Text-to-region grounding data

- - -

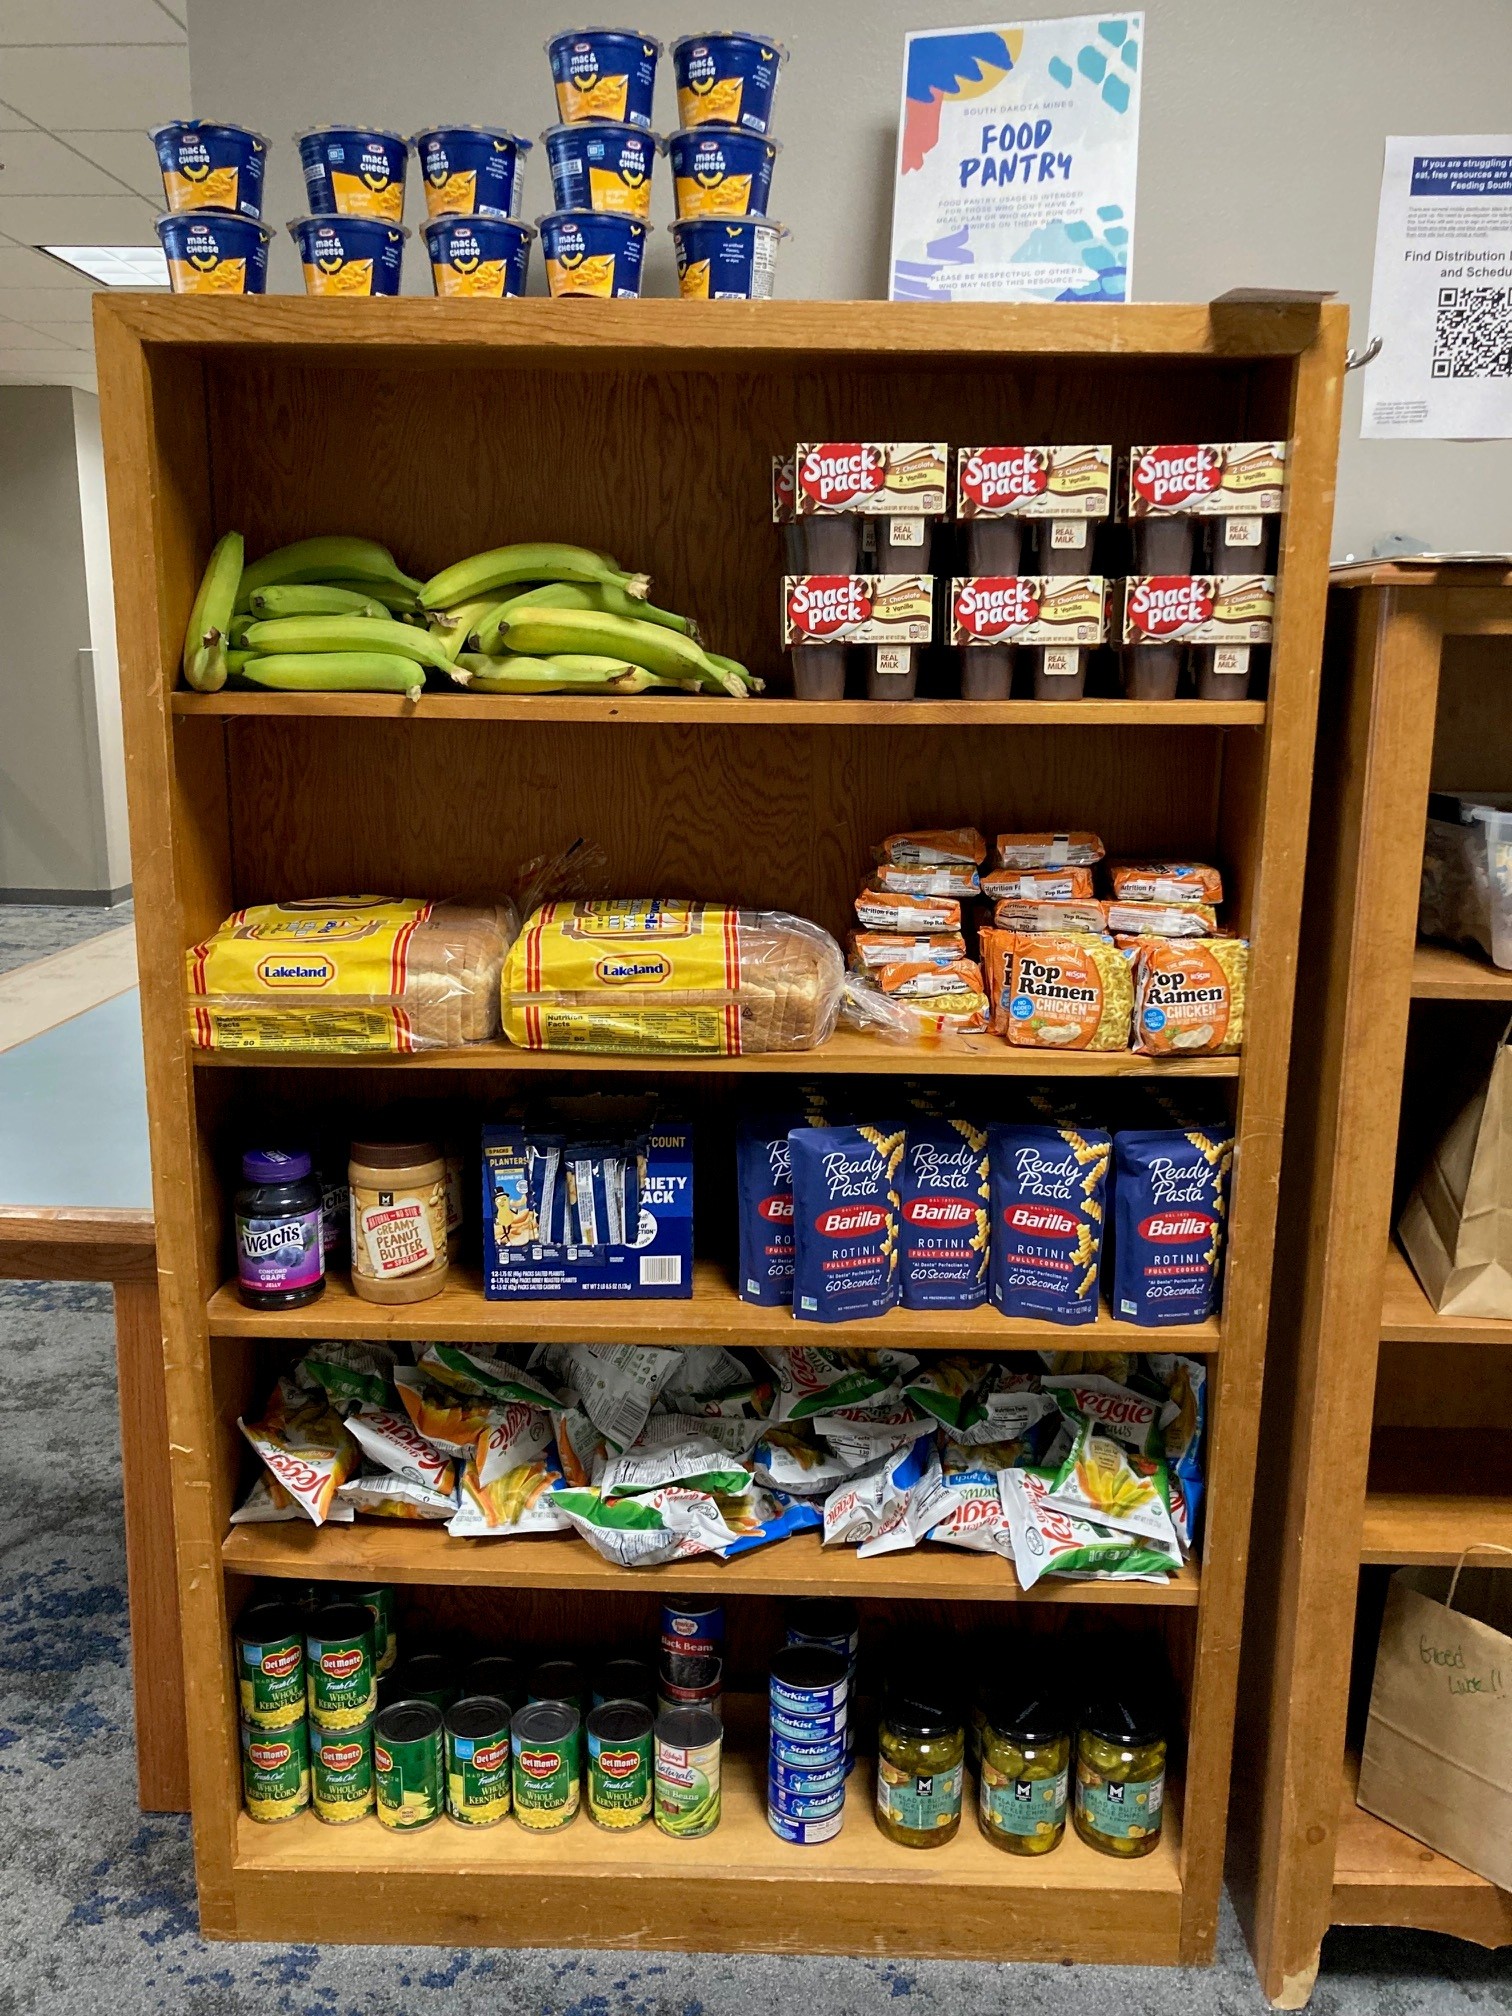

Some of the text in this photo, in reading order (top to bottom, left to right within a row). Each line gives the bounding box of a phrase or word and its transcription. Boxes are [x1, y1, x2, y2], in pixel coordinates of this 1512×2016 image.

[570, 52, 596, 65] mac &
[1000, 103, 1039, 113] DAKOTA
[1043, 100, 1074, 110] MINES
[981, 118, 1052, 154] FOOD
[179, 145, 207, 155] mac &
[362, 154, 388, 166] mac &
[1429, 160, 1445, 170] you
[1462, 159, 1507, 169] struggling
[959, 151, 1073, 188] PANTRY
[1432, 170, 1448, 179] free
[1450, 171, 1492, 179] resources
[1451, 181, 1486, 191] Feeding
[186, 235, 216, 245] mac &
[1405, 250, 1505, 262] Find Distribution
[931, 274, 962, 282] PLEASE
[977, 270, 1032, 279] RESPECTFUL
[1048, 267, 1083, 275] OTHERS
[1027, 277, 1073, 285] RESOURCE
[1440, 267, 1463, 278] and
[804, 448, 876, 483] Snack
[901, 460, 935, 473] Chocolate
[965, 448, 1039, 486] Snack
[1137, 448, 1212, 484] Snack
[819, 468, 876, 500] pack
[905, 471, 928, 482] Vanilla
[981, 471, 1038, 503] pack
[1153, 470, 1211, 502] pack
[893, 525, 912, 533] REAL
[893, 533, 912, 541] MILK
[792, 579, 864, 614] Snack
[959, 579, 1031, 615] Snack
[1132, 579, 1205, 613] Snack
[808, 599, 864, 631] pack
[975, 602, 1029, 632] pack
[1147, 601, 1203, 630] pack
[880, 654, 899, 662] REAL
[880, 661, 899, 669] MILK
[264, 965, 327, 979] Lakeland
[602, 962, 664, 978] Lakeland
[1020, 958, 1060, 983] Top
[1018, 977, 1096, 1002] Ramen
[1146, 987, 1223, 1004] Ramen
[1036, 997, 1087, 1015] CHICKEN
[1166, 1004, 1217, 1019] CHICKEN
[547, 1013, 583, 1022] Nutrition
[651, 1136, 686, 1148] COUNT
[489, 1156, 527, 1167] PLANTERS
[821, 1150, 886, 1181] Ready
[910, 1143, 978, 1172] Ready
[1014, 1147, 1083, 1185] Ready
[914, 1165, 969, 1189] Pasta
[1148, 1156, 1214, 1187] Ready
[826, 1175, 879, 1200] Pasta
[1018, 1171, 1072, 1200] Pasta
[1152, 1180, 1205, 1205] Pasta
[911, 1203, 970, 1220] Barilla
[376, 1219, 415, 1235] CREAMY
[824, 1211, 881, 1232] Barilla
[1012, 1208, 1073, 1233] Barilla
[1147, 1219, 1207, 1237] Barilla
[245, 1224, 300, 1253] Welch's
[376, 1230, 420, 1246] PEANUT
[918, 1238, 964, 1249] ROTINI
[379, 1240, 423, 1261] BUTTER
[832, 1247, 875, 1259] ROTINI
[1017, 1243, 1065, 1260] ROTINI
[393, 1255, 419, 1267] SPREAD
[826, 1256, 881, 1269] FULLY COOKED
[1154, 1254, 1199, 1265] ROTINI
[260, 1273, 287, 1281] GRAPE
[825, 1274, 882, 1292] 60 Seconds!
[1074, 1387, 1154, 1425] Veggie
[370, 1414, 450, 1485] Veggie
[683, 1642, 713, 1652] Beans
[323, 1655, 360, 1669] Del Monte
[318, 1693, 368, 1709] KERNEL CORN
[330, 1690, 357, 1702] WHOLE
[776, 1685, 811, 1702] StarKist
[777, 1712, 813, 1729] StarKist
[790, 1743, 828, 1756] StarKist
[602, 1757, 638, 1767] Del Monte
[656, 1759, 696, 1781] Naturals

- - -

● TASK PROMPT: Search the records for the string "Ready" and report each line that has it.

● SOLUTION BELOW:
[821, 1150, 886, 1181] Ready
[910, 1143, 978, 1172] Ready
[1014, 1147, 1083, 1185] Ready
[1148, 1156, 1214, 1187] Ready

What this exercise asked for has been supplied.